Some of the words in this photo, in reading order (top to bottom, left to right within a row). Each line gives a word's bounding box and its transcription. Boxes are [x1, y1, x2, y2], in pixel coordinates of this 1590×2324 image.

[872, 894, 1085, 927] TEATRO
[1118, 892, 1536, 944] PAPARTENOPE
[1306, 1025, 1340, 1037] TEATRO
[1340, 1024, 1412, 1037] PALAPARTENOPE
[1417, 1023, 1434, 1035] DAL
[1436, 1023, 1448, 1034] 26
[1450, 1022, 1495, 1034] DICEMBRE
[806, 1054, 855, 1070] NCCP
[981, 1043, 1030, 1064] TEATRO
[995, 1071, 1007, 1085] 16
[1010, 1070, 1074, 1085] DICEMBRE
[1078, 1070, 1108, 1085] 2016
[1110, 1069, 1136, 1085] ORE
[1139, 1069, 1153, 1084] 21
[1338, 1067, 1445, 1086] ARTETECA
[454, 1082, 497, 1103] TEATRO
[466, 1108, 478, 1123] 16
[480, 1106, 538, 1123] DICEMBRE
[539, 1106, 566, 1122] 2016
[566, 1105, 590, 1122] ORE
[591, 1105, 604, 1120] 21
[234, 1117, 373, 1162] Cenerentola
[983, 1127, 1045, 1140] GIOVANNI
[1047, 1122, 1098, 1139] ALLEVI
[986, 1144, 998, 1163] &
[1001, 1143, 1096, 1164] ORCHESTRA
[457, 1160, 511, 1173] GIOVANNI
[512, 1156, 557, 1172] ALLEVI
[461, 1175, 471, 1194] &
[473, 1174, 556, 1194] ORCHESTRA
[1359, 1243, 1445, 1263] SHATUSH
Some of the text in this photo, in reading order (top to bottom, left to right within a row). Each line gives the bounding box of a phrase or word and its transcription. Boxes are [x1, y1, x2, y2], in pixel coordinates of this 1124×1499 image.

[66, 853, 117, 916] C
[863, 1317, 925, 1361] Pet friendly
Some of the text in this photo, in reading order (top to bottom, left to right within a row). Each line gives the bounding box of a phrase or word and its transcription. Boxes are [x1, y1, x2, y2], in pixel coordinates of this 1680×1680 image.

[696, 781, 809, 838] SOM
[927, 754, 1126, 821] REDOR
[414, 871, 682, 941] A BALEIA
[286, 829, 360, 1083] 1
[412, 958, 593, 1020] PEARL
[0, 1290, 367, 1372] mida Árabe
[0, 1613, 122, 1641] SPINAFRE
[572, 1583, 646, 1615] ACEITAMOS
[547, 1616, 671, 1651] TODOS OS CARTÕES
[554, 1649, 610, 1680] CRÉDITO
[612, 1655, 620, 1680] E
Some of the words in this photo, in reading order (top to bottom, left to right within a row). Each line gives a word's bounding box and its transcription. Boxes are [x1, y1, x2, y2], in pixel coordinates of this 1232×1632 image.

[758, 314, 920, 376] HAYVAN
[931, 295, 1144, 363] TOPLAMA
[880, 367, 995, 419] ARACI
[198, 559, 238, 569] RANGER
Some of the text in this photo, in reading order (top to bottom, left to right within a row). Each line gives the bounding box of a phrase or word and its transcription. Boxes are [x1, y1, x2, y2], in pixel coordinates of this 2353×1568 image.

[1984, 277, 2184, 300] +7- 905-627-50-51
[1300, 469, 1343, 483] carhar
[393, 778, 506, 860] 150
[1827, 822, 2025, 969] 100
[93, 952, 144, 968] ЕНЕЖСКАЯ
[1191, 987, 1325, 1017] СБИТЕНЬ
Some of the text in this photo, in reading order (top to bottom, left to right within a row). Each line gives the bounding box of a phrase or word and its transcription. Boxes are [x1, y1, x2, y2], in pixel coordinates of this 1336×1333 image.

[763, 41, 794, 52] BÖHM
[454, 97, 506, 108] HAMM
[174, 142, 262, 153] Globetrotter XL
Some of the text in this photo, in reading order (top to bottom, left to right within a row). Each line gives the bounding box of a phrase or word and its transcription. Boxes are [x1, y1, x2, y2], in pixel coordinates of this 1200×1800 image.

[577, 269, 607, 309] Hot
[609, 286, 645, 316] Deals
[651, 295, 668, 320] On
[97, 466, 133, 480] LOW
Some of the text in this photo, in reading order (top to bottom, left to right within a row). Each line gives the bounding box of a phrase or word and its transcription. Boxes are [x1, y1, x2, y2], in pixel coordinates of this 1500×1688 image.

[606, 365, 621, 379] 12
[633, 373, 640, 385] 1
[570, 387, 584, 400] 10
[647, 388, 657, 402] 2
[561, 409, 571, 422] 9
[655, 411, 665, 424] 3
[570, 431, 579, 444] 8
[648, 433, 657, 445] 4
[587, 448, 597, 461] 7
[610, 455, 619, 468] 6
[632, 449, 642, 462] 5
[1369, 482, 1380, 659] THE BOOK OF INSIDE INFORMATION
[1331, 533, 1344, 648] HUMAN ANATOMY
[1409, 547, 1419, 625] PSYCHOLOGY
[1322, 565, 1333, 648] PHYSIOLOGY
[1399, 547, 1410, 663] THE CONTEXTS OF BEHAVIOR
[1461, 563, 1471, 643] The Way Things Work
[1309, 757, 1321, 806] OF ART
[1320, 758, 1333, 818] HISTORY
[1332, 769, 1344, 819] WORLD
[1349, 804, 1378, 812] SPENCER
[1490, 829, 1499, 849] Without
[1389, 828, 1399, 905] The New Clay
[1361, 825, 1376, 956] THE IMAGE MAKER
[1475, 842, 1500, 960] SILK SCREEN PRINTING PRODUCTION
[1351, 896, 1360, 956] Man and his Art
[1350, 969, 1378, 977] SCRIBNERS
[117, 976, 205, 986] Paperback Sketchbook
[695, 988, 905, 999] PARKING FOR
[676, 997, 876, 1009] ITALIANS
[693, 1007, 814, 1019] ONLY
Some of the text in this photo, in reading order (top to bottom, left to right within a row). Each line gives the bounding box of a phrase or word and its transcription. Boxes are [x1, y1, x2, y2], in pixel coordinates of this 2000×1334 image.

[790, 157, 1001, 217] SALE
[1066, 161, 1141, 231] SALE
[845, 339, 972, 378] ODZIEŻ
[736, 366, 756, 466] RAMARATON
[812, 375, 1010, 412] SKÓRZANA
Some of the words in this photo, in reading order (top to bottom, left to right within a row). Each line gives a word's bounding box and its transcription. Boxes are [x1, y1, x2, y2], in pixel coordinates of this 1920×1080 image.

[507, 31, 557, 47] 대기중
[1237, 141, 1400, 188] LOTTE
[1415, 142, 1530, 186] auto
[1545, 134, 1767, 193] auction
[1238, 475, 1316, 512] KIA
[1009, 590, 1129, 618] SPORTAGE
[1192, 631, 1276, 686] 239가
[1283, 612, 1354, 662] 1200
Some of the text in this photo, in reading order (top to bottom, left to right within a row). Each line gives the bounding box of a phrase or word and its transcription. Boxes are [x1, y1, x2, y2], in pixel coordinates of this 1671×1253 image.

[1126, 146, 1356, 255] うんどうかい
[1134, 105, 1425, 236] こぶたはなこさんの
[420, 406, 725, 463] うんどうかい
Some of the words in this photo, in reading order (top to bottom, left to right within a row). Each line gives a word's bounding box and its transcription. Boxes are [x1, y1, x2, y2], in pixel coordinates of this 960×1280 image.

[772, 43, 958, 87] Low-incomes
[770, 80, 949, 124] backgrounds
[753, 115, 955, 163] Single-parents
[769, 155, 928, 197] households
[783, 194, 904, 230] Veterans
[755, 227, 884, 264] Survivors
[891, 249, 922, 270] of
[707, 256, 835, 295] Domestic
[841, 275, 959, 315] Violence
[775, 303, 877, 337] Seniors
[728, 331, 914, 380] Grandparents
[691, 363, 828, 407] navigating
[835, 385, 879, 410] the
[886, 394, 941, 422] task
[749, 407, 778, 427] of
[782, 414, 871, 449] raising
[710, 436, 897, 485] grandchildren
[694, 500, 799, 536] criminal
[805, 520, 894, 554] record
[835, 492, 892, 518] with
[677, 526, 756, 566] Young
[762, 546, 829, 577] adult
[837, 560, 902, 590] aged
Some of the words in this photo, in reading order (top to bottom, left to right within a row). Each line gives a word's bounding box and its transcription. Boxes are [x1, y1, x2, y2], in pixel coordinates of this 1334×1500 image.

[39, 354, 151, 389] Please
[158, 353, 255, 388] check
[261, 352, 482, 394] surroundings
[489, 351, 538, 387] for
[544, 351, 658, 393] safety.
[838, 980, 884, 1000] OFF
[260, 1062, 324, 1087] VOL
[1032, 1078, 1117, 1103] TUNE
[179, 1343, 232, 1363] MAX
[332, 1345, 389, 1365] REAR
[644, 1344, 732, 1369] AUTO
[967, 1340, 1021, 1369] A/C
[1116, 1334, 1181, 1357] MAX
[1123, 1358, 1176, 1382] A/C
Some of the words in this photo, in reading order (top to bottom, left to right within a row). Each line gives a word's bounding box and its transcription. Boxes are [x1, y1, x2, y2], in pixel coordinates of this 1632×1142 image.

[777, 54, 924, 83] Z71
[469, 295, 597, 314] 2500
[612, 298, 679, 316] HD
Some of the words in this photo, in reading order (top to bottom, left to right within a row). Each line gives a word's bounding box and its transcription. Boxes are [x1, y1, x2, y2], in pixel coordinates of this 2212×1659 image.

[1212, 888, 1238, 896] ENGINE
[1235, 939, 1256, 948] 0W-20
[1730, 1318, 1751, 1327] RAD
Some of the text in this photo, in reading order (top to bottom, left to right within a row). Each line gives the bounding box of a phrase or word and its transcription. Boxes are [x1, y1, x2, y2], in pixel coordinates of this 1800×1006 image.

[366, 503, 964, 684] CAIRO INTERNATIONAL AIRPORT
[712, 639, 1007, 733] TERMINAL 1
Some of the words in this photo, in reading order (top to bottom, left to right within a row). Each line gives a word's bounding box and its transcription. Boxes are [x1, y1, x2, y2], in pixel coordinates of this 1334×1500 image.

Problem details:
Retype only the lines running from the line with "this 2212×1659 image." to the end of the listing, including both of those lines.

Worked solution:
Some of the words in this photo, in reading order (top to bottom, left to right within a row). Each line gives a word's bounding box and its transcription. Boxes are [x1, y1, x2, y2], in pixel coordinates of this 2212×1659 image.

[1212, 888, 1238, 896] ENGINE
[1235, 939, 1256, 948] 0W-20
[1730, 1318, 1751, 1327] RAD
Some of the text in this photo, in reading order (top to bottom, left to right within a row). Each line gives the bounding box of a phrase or word and its transcription. Boxes are [x1, y1, x2, y2], in pixel coordinates of this 1800×1006 image.

[366, 503, 964, 684] CAIRO INTERNATIONAL AIRPORT
[712, 639, 1007, 733] TERMINAL 1
Some of the words in this photo, in reading order (top to bottom, left to right within a row). Each line gives a word's bounding box and its transcription. Boxes are [x1, y1, x2, y2], in pixel coordinates of this 1334×1500 image.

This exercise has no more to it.